A majority of the victims are advertised online and have no input into the wording used in the advertisements posted for them by their pimp, who usually controls over 4 to 6 victims, says Reihaneh Rabbany, Assistant Professor at McGill’s School of Computer Science and Canada CIFAR AI chair. This leads to similar phrasing and duplication among listings which can be used to detect organized activity.
The proposed algorithm, called InfoShield, can put millions of advertisements together and highlight the common parts,” adds Christos Faloutsos, Fredkin Professor at CMU’s School of Computer Science, and the CMU project lead. “If the ad have a lot of things in common, it’s not guaranteed, but it’s highly likely that it is something suspicious.” This algorithm could help law enforcement direct their investigations and better identify human traffickers and their victims.
According to the International Labor Organization, an estimated 24.9 million people are trapped in forced labor. Of those, 55% are women and girls trafficked in the commercial sex industry. In the past decade, human trafficking cases have been in the rise in Canada and in response to that the Canadian government (in collaboration with RCMP) has launched a “National Strategy to Combat Human Trafficking 2019-2024”, with one of the focus areas being the need for technological advancements and research. The Infoshield algorithm is taking a step in this direction.

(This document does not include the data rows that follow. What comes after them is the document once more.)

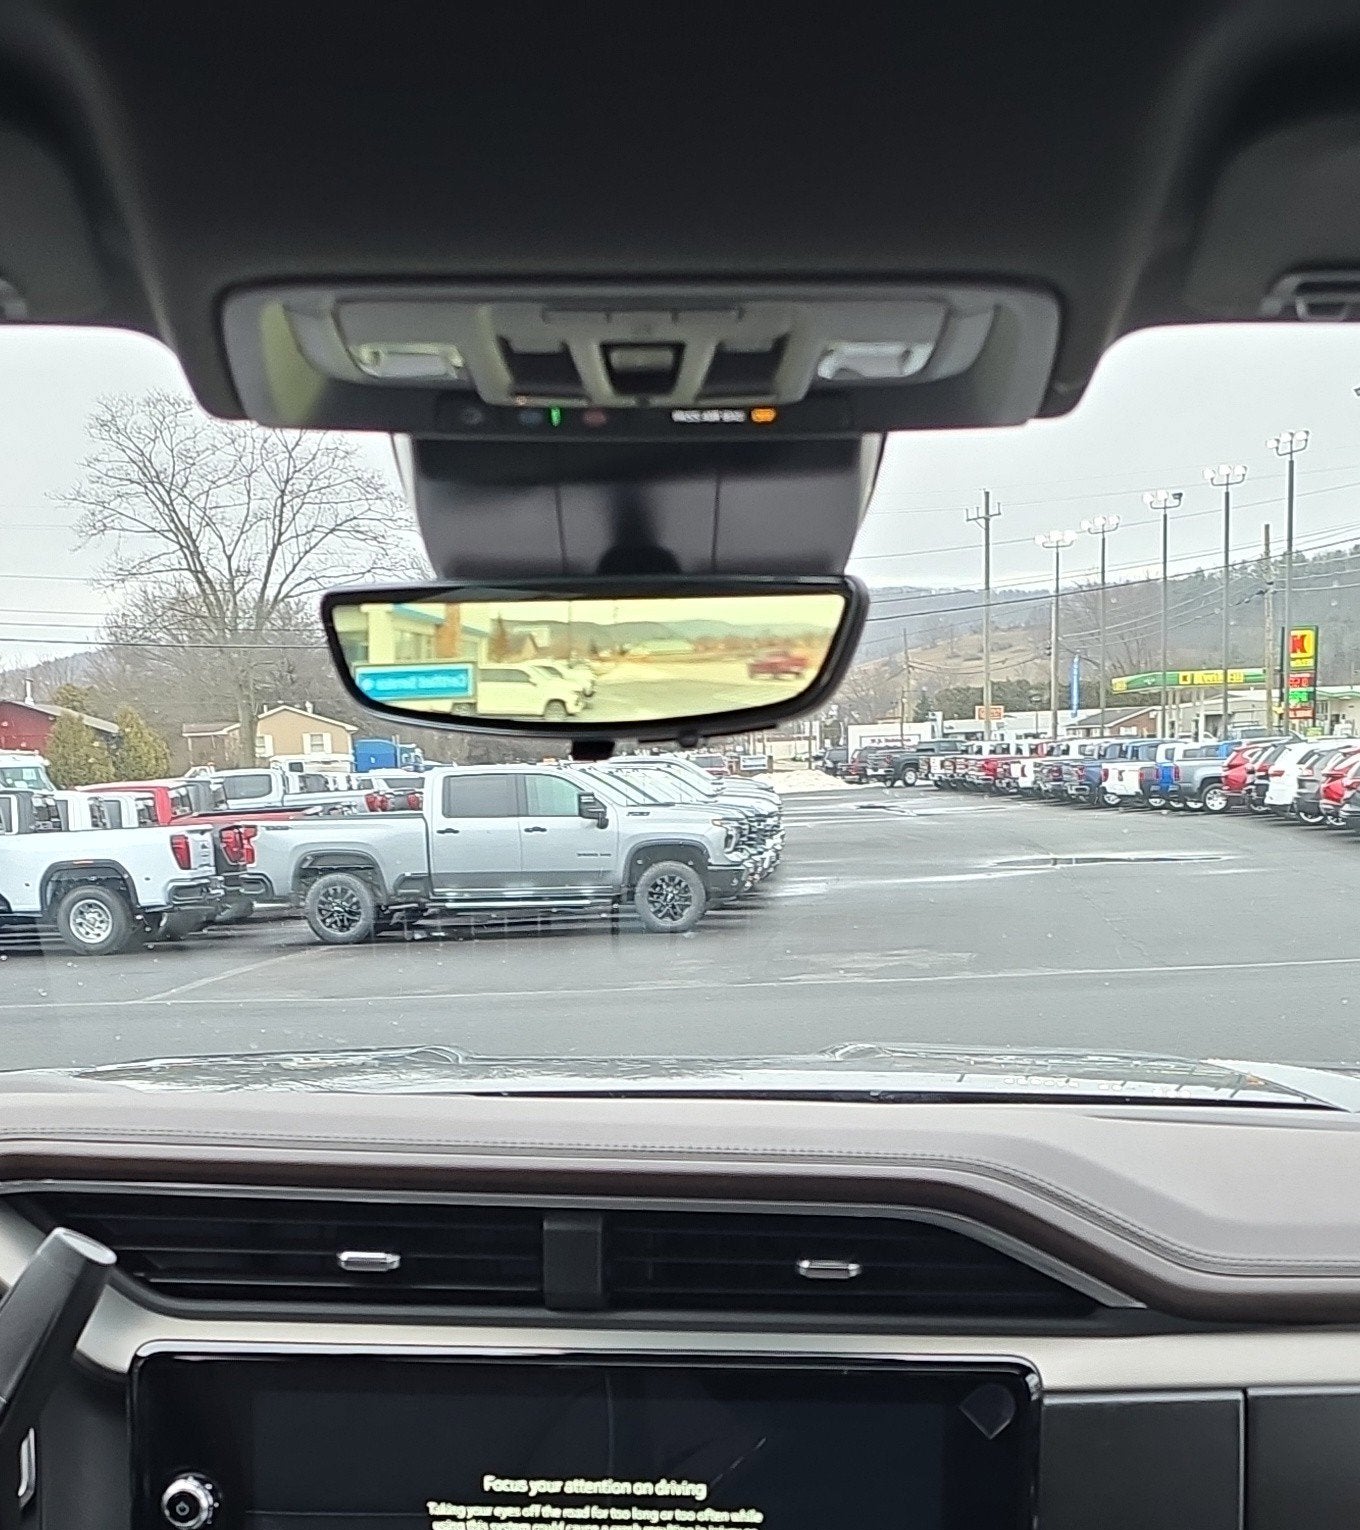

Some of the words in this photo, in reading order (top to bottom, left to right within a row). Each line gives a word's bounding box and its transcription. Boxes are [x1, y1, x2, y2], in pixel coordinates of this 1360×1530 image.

[483, 1475, 529, 1492] Focus
[529, 1480, 563, 1497] your
[564, 1478, 632, 1496] attention
[632, 1481, 654, 1496] on
[654, 1478, 707, 1500] driving
[426, 1501, 466, 1519] Taking
[466, 1506, 493, 1519] your
[493, 1506, 521, 1520] eyes
[521, 1504, 541, 1518] off
[541, 1504, 562, 1518] the
[562, 1505, 590, 1519] road
[590, 1505, 609, 1519] for
[609, 1507, 631, 1520] too
[631, 1506, 659, 1523] long
[659, 1510, 674, 1521] or
[674, 1508, 696, 1521] too
[696, 1507, 730, 1522] often
[730, 1508, 764, 1524] while

“Human trafficking is a dangerous societal problem which is difficult to tackle,” explains lead authors Catalina Vajiac and Meng-Chieh Lee. “By looking for small clusters of ads that contain similar phrasing rather than analyzing standalone ads, we’re finding the groups of ads that are most likely to be organized activity, which is a strong signal of (human trafficking).”

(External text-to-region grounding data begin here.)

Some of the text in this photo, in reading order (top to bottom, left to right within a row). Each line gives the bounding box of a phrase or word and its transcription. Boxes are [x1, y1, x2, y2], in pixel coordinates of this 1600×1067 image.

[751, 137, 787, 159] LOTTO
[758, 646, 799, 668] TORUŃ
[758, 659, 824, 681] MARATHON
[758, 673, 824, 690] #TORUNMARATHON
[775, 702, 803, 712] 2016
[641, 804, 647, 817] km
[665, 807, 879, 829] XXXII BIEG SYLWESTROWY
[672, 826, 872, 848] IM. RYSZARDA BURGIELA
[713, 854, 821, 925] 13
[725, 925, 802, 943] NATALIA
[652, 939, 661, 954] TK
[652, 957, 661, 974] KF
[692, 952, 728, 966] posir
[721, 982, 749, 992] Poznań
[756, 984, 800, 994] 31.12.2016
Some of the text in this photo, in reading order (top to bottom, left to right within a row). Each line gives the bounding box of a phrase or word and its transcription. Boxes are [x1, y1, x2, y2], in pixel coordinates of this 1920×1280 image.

Spotting organized activity on social media
To test InfoShield, the team ran it on a set of escort listings in which experts had already identified trafficking ads. The team found that InfoShield outperformed other algorithms at identifying the trafficking ads, flagging them with 85% precision.
The test data set contained actual ads placed by human traffickers. The information in these ads is sensitive and kept private to protect the victims of human trafficking, so the team could not publish examples of the activities identified or the data set itself. This meant that other researchers could not verify their work. To remedy this, the team looked for public data sets they could use to test InfoShield that mimicked what the algorithm looked for in human trafficking data: text and the similarities in it. They turned to Twitter, where they found a trove of text and similarities in that text created by bots.

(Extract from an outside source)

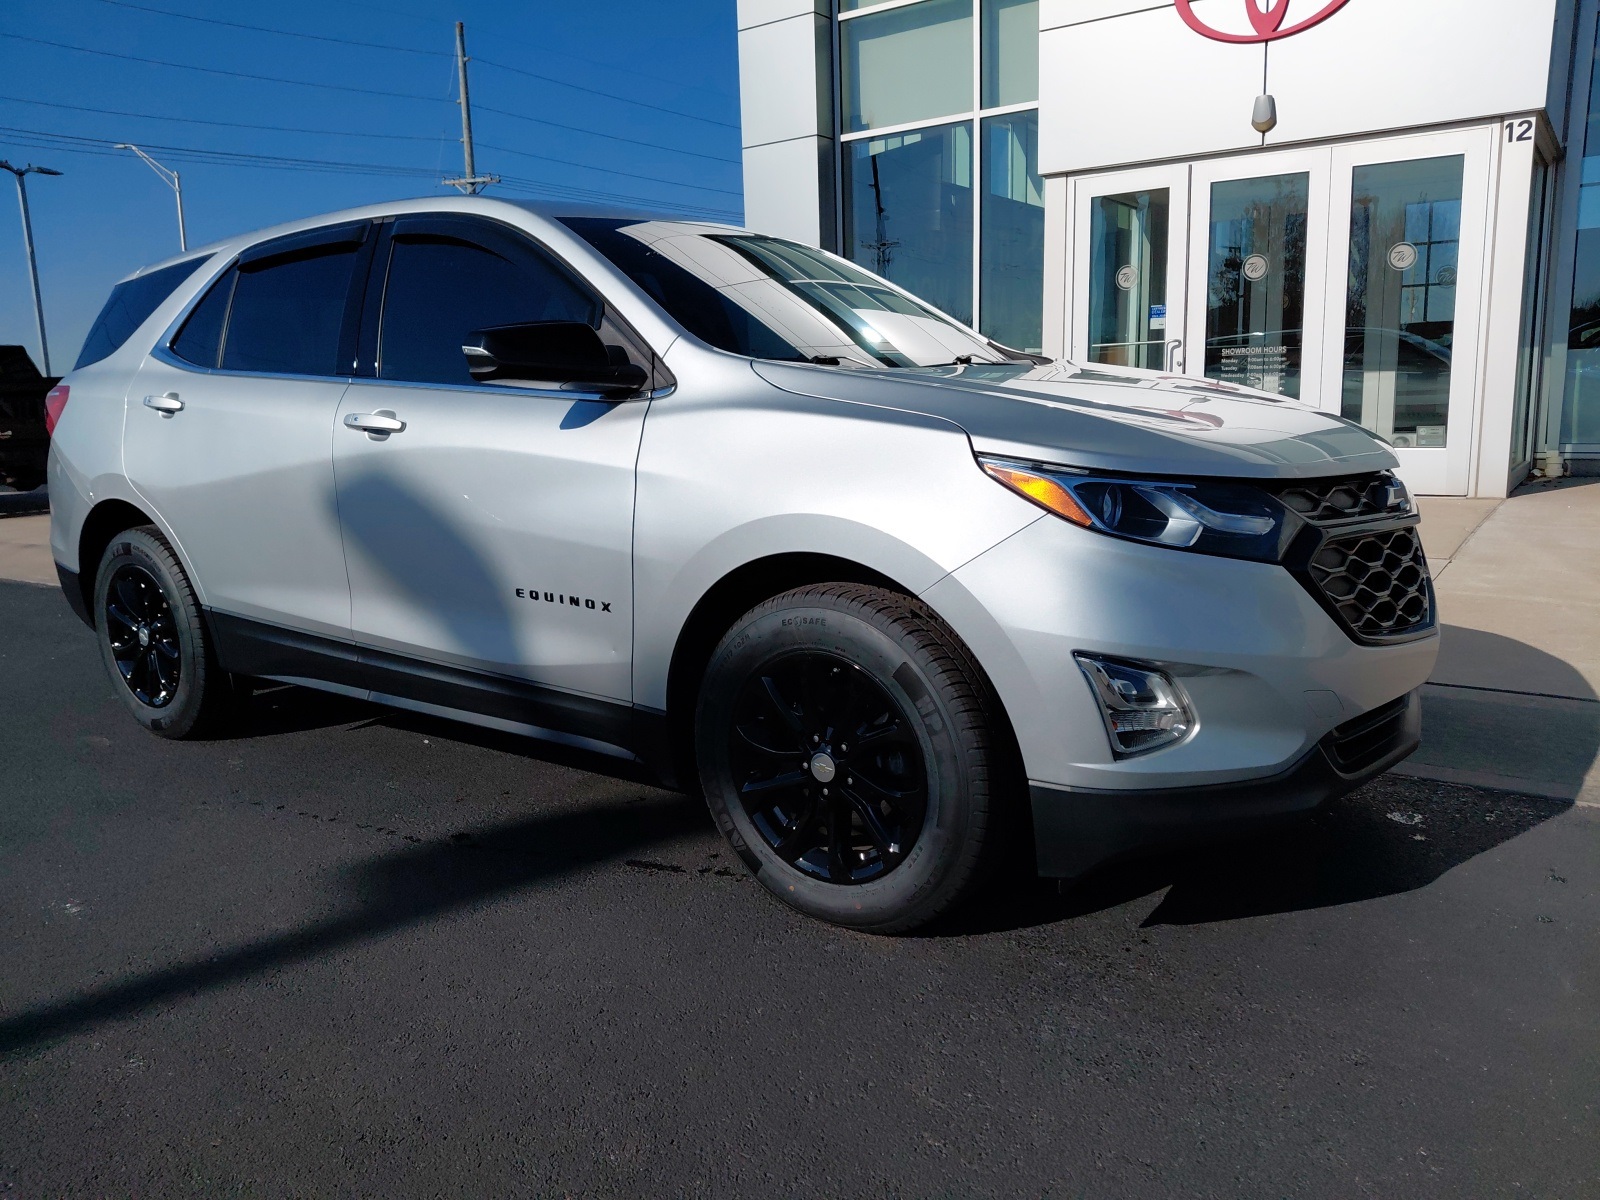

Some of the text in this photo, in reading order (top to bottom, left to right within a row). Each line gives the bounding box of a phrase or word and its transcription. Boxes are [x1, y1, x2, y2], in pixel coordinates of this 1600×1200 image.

[1505, 119, 1533, 143] 12
[1221, 347, 1262, 355] SHOWROOM
[515, 588, 612, 613] EQUINOX
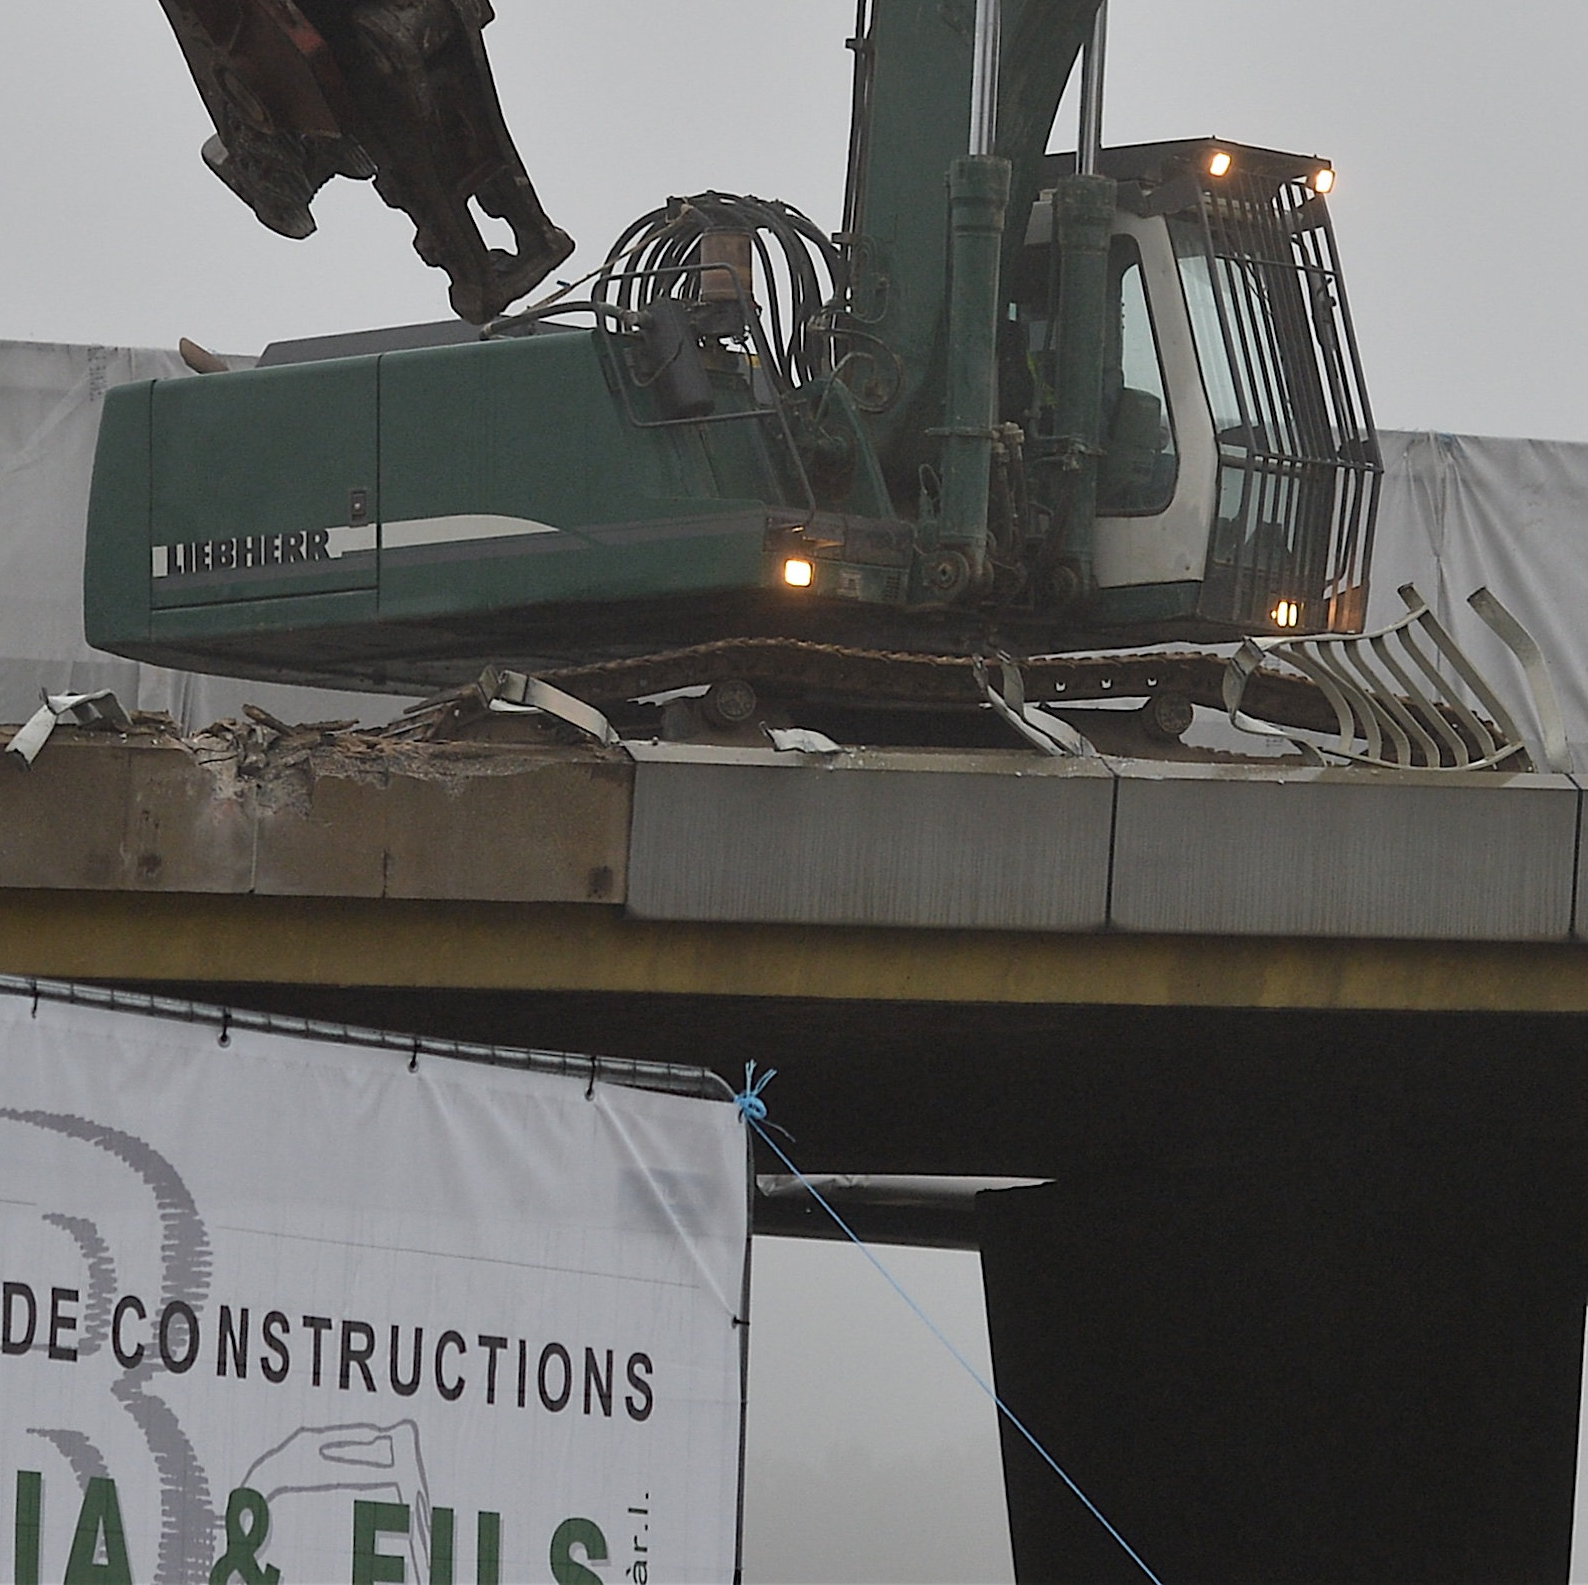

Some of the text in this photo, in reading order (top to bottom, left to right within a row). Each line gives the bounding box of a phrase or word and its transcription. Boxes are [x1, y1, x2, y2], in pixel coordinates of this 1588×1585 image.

“Bots and trolls will often tweet the same information in similar ways,” adds Rabbany, “Like a human trafficking ad, the format of a bot tweet might be the same with some pieces of information changed, since it is originating from the same source. In both cases – Twitter bots and human trafficking ads – the goal is to find organized activity”.
Among tweets, InfoShield outperformed other state-of-the-art algorithms at detecting bots. Vajiac said this finding was a surprise, given that other algorithms consider Twitter-specific metrics such as the number of followers, retweets and likes, and InfoShield did not. The algorithm instead relied solely on the text of the tweets to determine bot or not.
“That speaks a lot to how important text is in finding these types of organizations,” says Vajiac.